Does Showing Calories on Fast Food Menus Actually do Anything?

Keywords: fast food, food, kids, parents, teens, North America, consumer behavior, diet, eating behavior, family communication, health, purchase requests, social policy,

A study in the International Journal of Obesity investigates the effects of the ‘Patient Protection and Affordable Care Act’ on child and teen food choices. Since 2010, this Act has required fast food restaurant chains to report calorie counts on their menus. The study finds that even with calorie labeling, kids buy foods with the same number of calories and do not know any more about the calorie content of their food.

Take aways

  • Displaying calories on fast food menus does not improve or even change the food choices for kids or teens.
  • A majority of teens notice calorie labeling, but it does not objectively change their decisions.
  • Calorie labels have no real influence on their parents either, and so the impact parents have on their kids to make healthier fast food choices is small.

Study information

  • The question?

    Does calorie labeling in fast food restaurant menus influence child and teen fast-food choice?

  • Who?

    349 children and adolescents, of which 241 accompanied by their parent or caretaker.

  • Where?

    New York and Newark, US

  • How?

    Research teams visited nineteen fast food restaurants in New York during the lunch and dinner hours both before and after the introduction of calorie labeling in New York. They also visited restaurants in Newark as a comparison city.
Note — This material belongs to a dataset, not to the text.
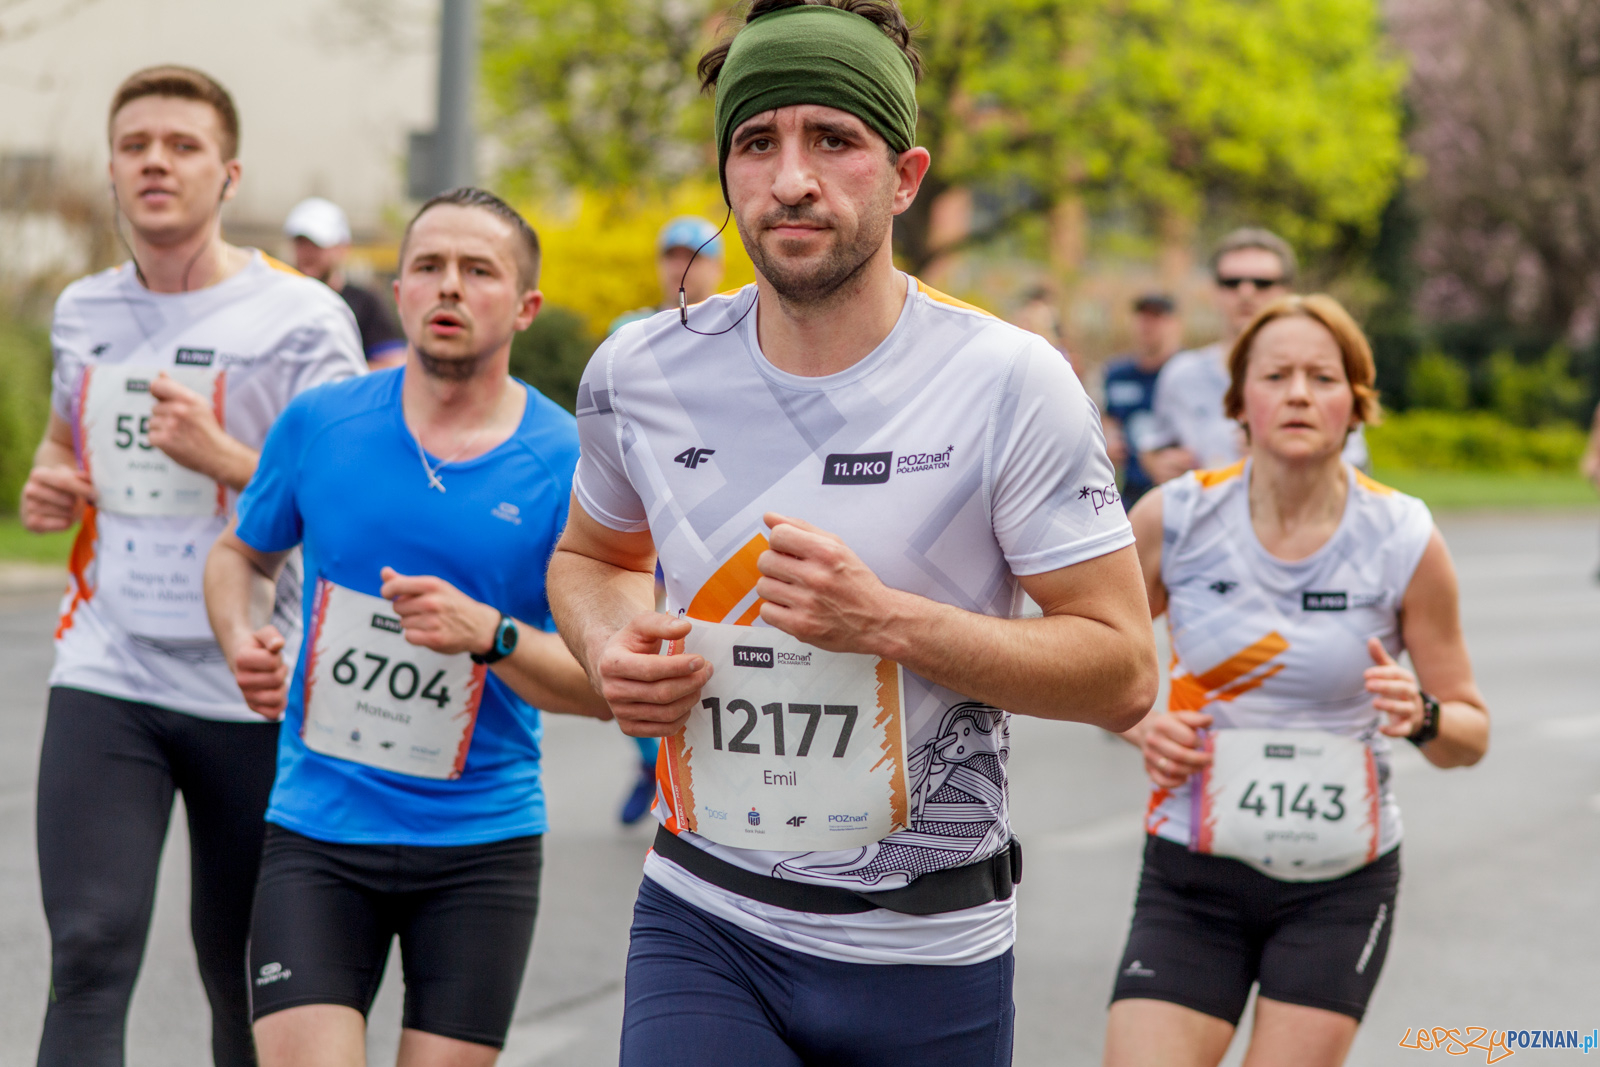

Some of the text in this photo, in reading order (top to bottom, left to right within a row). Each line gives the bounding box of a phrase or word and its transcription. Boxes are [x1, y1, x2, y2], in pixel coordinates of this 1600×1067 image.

The researchers collected receipts and passed out questionnaires to kids and their parents that asked about restaurant choice, fast food choice, and calorie estimates.

Facts and findings

  • After introduction of menu calorie labeling:
    • People bought food with the same amount of calories
    • Kids and teens estimated the same number of calories for foods on the menu
  • Two-thirds of teens said they saw calorie information, and 15% said that affected their choice of food.
  • Kids who were accompanied by parents bought foods with fewer calories.
  • The number one reason given for choosing a particular restaurant was ease, followed by location, and habit.
  • The most important reasons for consumers’ food choices were taste and price.
  • Remarkable fact: One-third of adolescents ate fast food more than six times a week.